Placement of molecules in (not out of) the cell

Dauter, Z.

doi:10.1107/S0907444912044794

Volume 69
Part 1
Pages 2-4
January 2013

Received 27 September 2012
Accepted 29 October 2012
Online 20 December 2012

Placement of molecules in (not out of) the cell

Zbigniew Dauter ^a ^*

^aSynchrotron Radiation Research Section, National Cancer Institute, Argonne National Laboratory, Argonne, IL 60439, USA
Correspondence e-mail: dauter@anl.gov

To uniquely describe a crystal structure, it is sufficient to specify the crystal unit cell and symmetry, and describe the unique structural motif which is repeated by the space-group symmetry throughout the whole crystal. It is somewhat arbitrary how such a unique motif can be defined and positioned with respect to the unit-cell origin. As a result of such freedom, some isomorphous structures are presented in the Protein Data Bank in different locations and appear as if they have different atomic coordinates, despite being completely equivalent structurally. This may easily confuse those users of the PDB who are less familiar with crystallographic symmetry transformations. It would therefore be beneficial for the community of PDB users to introduce standard rules for locating crystal structures of macromolecules in the unit cells of various space groups.

Keywords: scientific comment.

Crystals are built from identical unit cells extending in a parallel fashion in three dimensions. Moreover, each unit cell may contain a number of identical structural motifs (e.g. individual molecules or their complexes) arranged according to the symmetry of the particular space group. To uniquely specify the crystal structure, it is therefore sufficient to provide the locations of all of the unique atoms within the asymmetric unit of the crystal, i.e. the coordinates of all of these atoms with respect to the cell origin. From a purely crystallographic point of view, it does not matter in which asymmetric unit the specified atoms are located, and both constellations presented in Fig. 1 are equally correct.

Figure 1
Two possible crystallographically equivalent representations of the structure of 3-nitroacridine differing by a half-cell origin shift along the vertical axis and appropriate rearrangement of the atoms. Whereas in (a) the molecular structure of this compound is not clear, in (b) it is immediately apparent.
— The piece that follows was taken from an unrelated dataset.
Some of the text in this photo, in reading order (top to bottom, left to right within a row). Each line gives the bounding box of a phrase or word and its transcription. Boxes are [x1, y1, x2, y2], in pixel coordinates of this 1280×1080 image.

However, (molecular) crystals contain chemical compounds, and from the point of view of chemistry the situation in Fig. 1(a) is dramatically different from that in Fig. 1(b). Whereas in the latter the atomic connectivity and architecture of acridine are immediately apparent, the former representation makes little chemical sense. In analogy, if an asymmetric unit contains several molecules forming discrete oligomers, it is more informative to present the individual molecules grouped logically, rather than randomly, as illustrated in Fig. 2, and indeed most illustrations of oligomeric structures are already presented as biologically relevant assemblies on the PDB web pages.

Figure 2
Four independent protein protomers in the asymmetric unit of the structure 1woc as presented in the PDB (a) and after regrouping (b), when it becomes apparent that this structure consists of two similar dimers.
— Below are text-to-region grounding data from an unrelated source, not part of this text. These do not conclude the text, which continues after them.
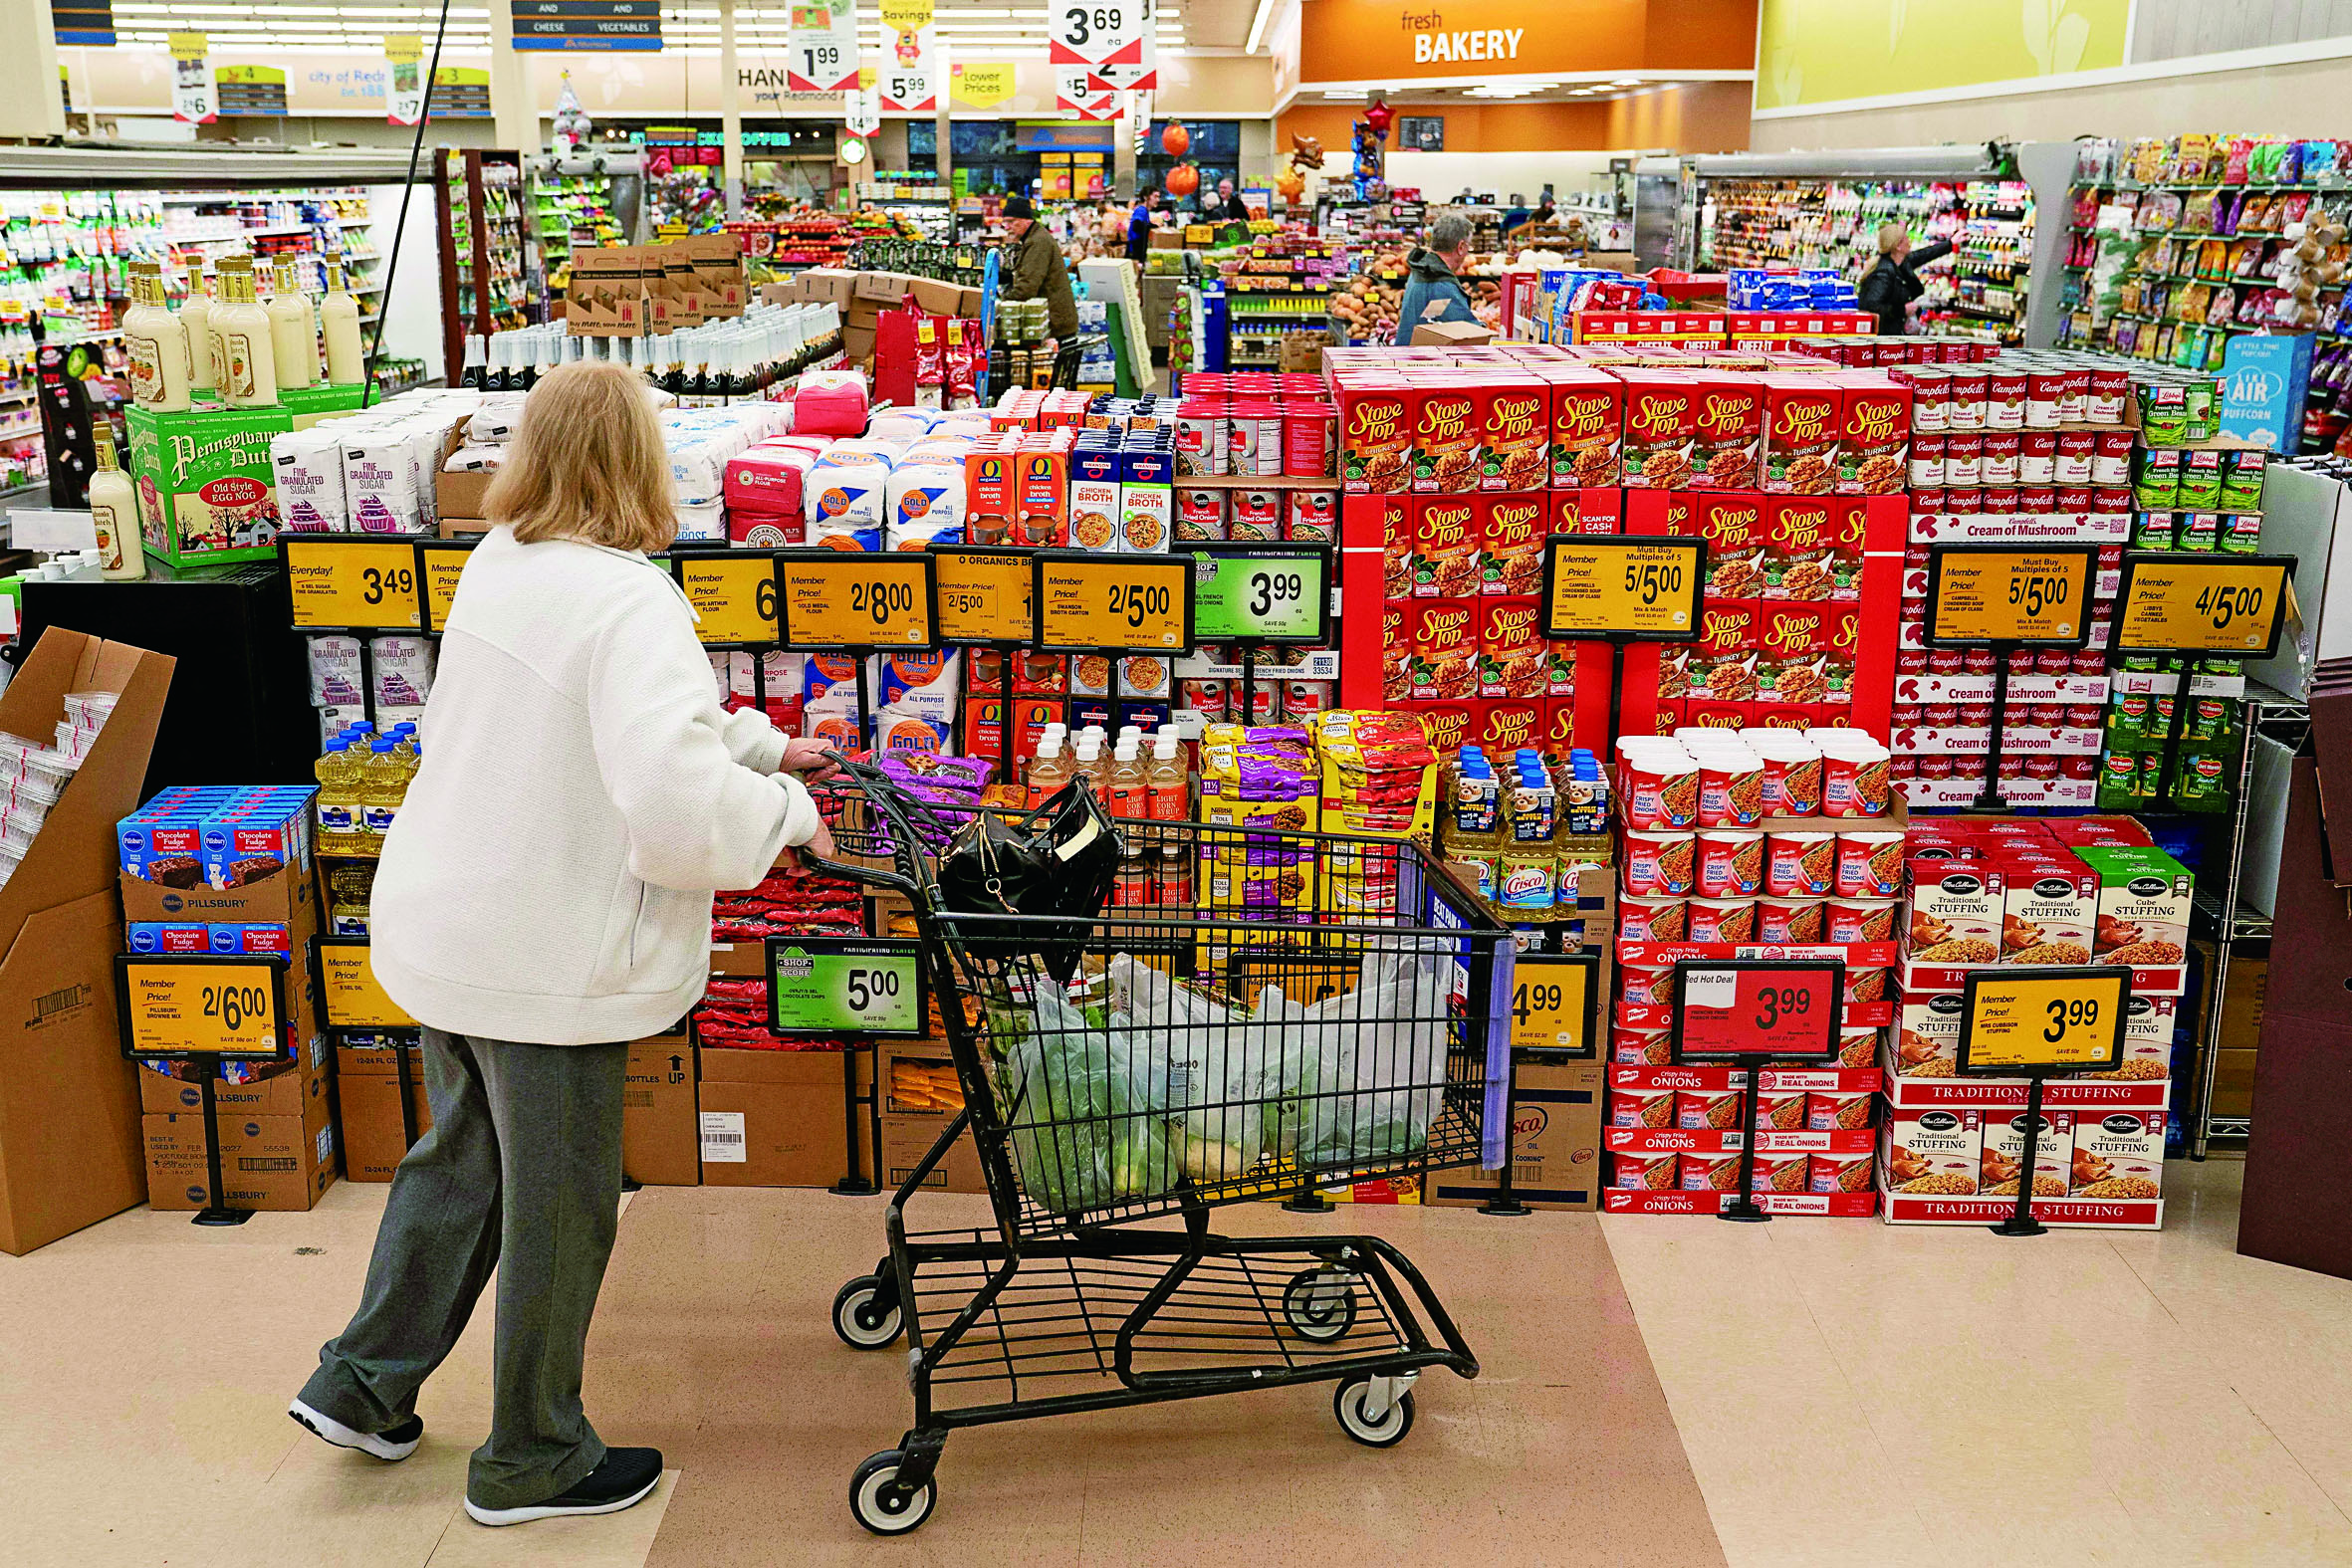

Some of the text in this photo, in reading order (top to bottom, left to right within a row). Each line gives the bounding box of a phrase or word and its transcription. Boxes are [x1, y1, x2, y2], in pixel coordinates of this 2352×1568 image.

[539, 4, 558, 14] AND
[613, 4, 632, 14] AND
[882, 11, 931, 23] Savings
[1400, 10, 1442, 31] fresh
[534, 22, 565, 33] CHEESE
[597, 22, 649, 33] VEGETABLES
[1414, 28, 1524, 64] BAKERY
[244, 67, 255, 80] 4
[309, 71, 331, 85] city
[450, 68, 459, 82] 3
[963, 72, 1001, 83] Lower
[963, 83, 1001, 94] Prices
[755, 90, 837, 104] your Redmond
[629, 131, 792, 146] STCKS OFFEE
[2232, 382, 2268, 402] AIR
[1348, 400, 1404, 443] Stove Top
[1364, 443, 1397, 457] CHICKEN
[1649, 438, 1678, 451] TURKEY
[362, 462, 377, 472] FINE
[350, 470, 393, 481] GRANULATED
[212, 482, 253, 496] Old Style
[358, 479, 385, 490] SUGAR
[211, 490, 256, 503] EGG NOG
[823, 495, 846, 506] GOLD
[1077, 494, 1113, 503] BROTH
[1585, 522, 1613, 531] CASH
[1967, 525, 2077, 537] Cream of Mushroom
[1626, 553, 1665, 561] Multiples
[1657, 547, 1673, 556] Buy
[958, 556, 1019, 566] O ORGANICS
[289, 564, 334, 577] Everyday!
[687, 574, 724, 583] Member
[791, 576, 826, 585] Member
[694, 586, 719, 595] Price!
[937, 581, 971, 590] Member
[797, 589, 822, 598] Price!
[123, 836, 144, 845] Pillsbury
[1507, 874, 1542, 894] Crisco
[187, 898, 246, 908] PILLSBURY
[1938, 896, 1982, 905] Traditional
[2135, 898, 2157, 907] Cube
[1929, 903, 1990, 914] STUFFING
[781, 969, 811, 978] SCORE
[1715, 975, 1734, 984] Deal
[668, 1072, 685, 1085] UP
[1660, 1070, 1678, 1080] Crispy
It is worth commenting on the concept of the `asymmetric unit' (ASU in the following). Intuitively, it is clearly the part of a unit cell which, under the action of all symmetry operations of the space group, reproduces the complete content of the cell and therefore the whole crystal. As long as this requirement is fulfilled, it does not matter what the shape of the ASU is. International Tables for Crystallography (2005) contains definitions of the ASU for each space group in the form of a convex parallelepiped (in cubic groups it may be a more complicated polyhedron), but this choice is arbitrary and ASUs may have different shapes. In fact, each molecule or, more strictly, each unique structural motif forms an ASU which may have a quite complicated shape, not necessarily convex. An example of such a construction is the Voronoi (1908) tessellation, which was first applied to protein crystals by Richards (1974).

Apart from crystallographic correctness and chemical sense, the presentation of any macromolecular crystal structure should be logical and as easy to comprehend as possible by other scientists who may be less familiar with the principles of crystallography, e.g. biologists interested in the functioning and biochemical properties of a given molecule or complex. In this context, it is meaningful how the structures are presented in the Protein Data Bank (PDB; Berman et al., 2000).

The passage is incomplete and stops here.